• [Prompt]
Repeat each entry word for word. Leave any images out of the copy.

• [Excerpted records]
=-=-=
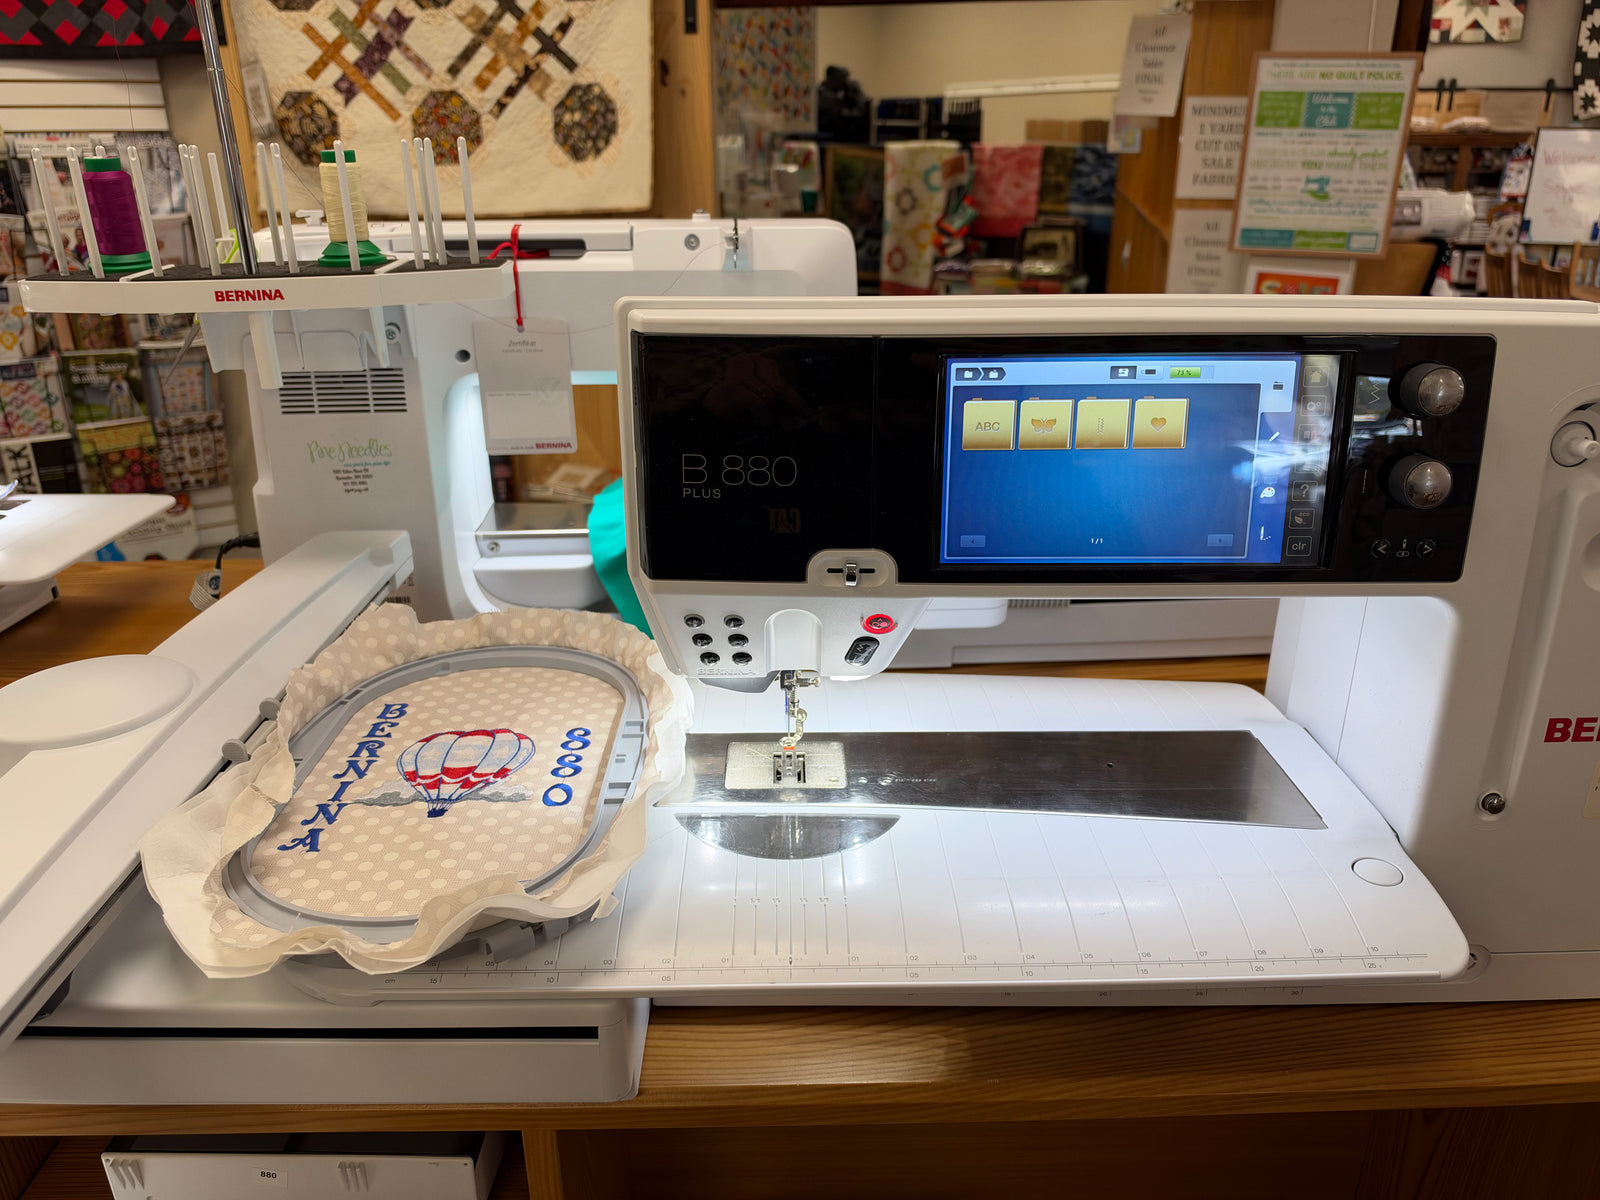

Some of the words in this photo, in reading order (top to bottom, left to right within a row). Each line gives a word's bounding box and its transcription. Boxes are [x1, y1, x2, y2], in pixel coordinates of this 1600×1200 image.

[1318, 71, 1335, 80] NO
[1336, 71, 1364, 80] QUILT
[1191, 104, 1247, 117] MINIMU
[1194, 140, 1222, 153] CUT
[1201, 157, 1234, 170] SALE
[214, 288, 285, 303] BERNINA
[975, 421, 1001, 432] ABC
[535, 441, 573, 449] BERNINA
[682, 453, 708, 485] B
[721, 454, 798, 487] 880
[682, 487, 722, 499] PLUS
[1291, 541, 1307, 551] clr
[1543, 717, 1600, 743] BE
[277, 702, 409, 853] BERNINA
[543, 959, 554, 967] 04
[851, 954, 860, 962] 01
[1198, 950, 1208, 958] 07
[546, 976, 555, 984] 10
[661, 975, 672, 983] 05
[909, 971, 920, 979] 05
[1025, 970, 1034, 978] 10
[1140, 968, 1149, 976] 15
[1254, 965, 1265, 973] 20
[259, 1170, 278, 1180] 880
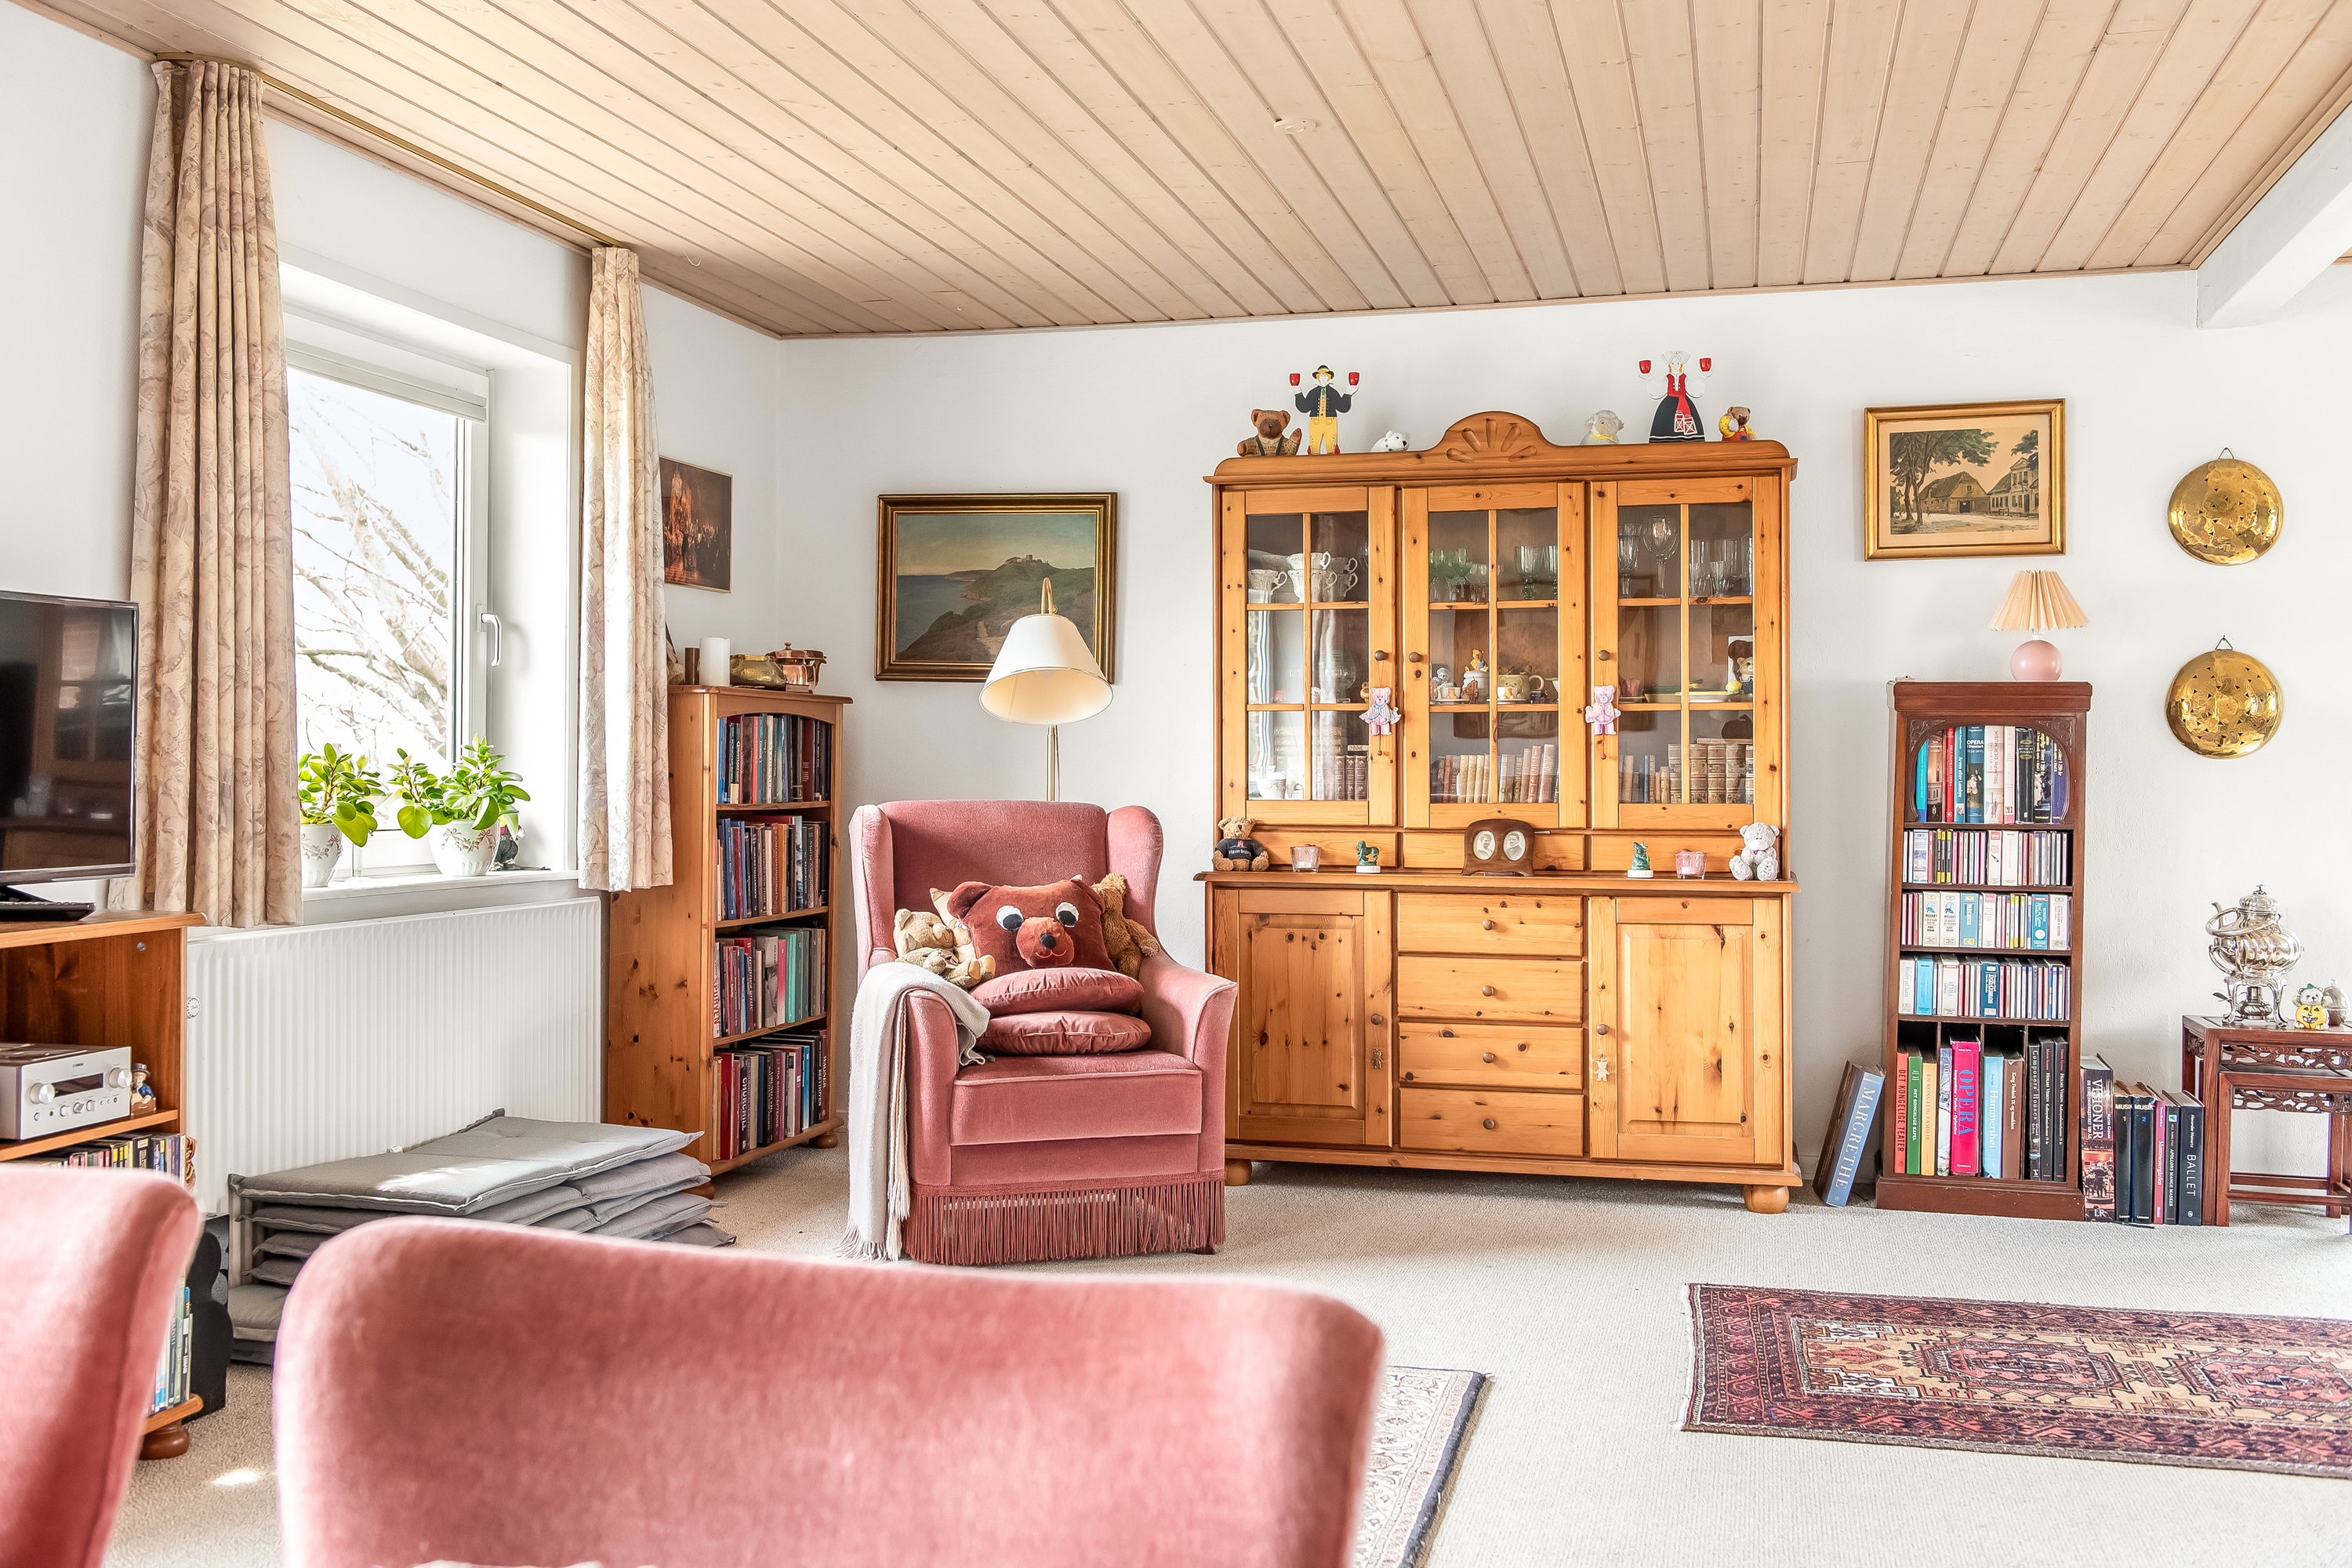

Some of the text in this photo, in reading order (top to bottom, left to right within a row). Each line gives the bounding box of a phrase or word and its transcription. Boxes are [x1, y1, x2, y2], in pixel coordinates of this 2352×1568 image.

[1958, 1069, 1975, 1135] OPERA
[1989, 1090, 1998, 1148] Hammershøi
[2092, 1079, 2103, 1140] VISIONER
[1835, 1086, 1876, 1190] MARGRETHE
[2187, 1155, 2197, 1196] BALLET
=-=-=
• [Response below]
Some of the words in this photo, in reading order (top to bottom, left to right within a row). Each line gives a word's bounding box and its transcription. Boxes are [x1, y1, x2, y2], in pixel coordinates of this 1600×1200 image.

[1318, 71, 1335, 80] NO
[1336, 71, 1364, 80] QUILT
[1191, 104, 1247, 117] MINIMU
[1194, 140, 1222, 153] CUT
[1201, 157, 1234, 170] SALE
[214, 288, 285, 303] BERNINA
[975, 421, 1001, 432] ABC
[535, 441, 573, 449] BERNINA
[682, 453, 708, 485] B
[721, 454, 798, 487] 880
[682, 487, 722, 499] PLUS
[1291, 541, 1307, 551] clr
[1543, 717, 1600, 743] BE
[277, 702, 409, 853] BERNINA
[543, 959, 554, 967] 04
[851, 954, 860, 962] 01
[1198, 950, 1208, 958] 07
[546, 976, 555, 984] 10
[661, 975, 672, 983] 05
[909, 971, 920, 979] 05
[1025, 970, 1034, 978] 10
[1140, 968, 1149, 976] 15
[1254, 965, 1265, 973] 20
[259, 1170, 278, 1180] 880

Some of the text in this photo, in reading order (top to bottom, left to right within a row). Each line gives the bounding box of a phrase or word and its transcription. Boxes are [x1, y1, x2, y2], in pixel coordinates of this 2352×1568 image.

[1958, 1069, 1975, 1135] OPERA
[1989, 1090, 1998, 1148] Hammershøi
[2092, 1079, 2103, 1140] VISIONER
[1835, 1086, 1876, 1190] MARGRETHE
[2187, 1155, 2197, 1196] BALLET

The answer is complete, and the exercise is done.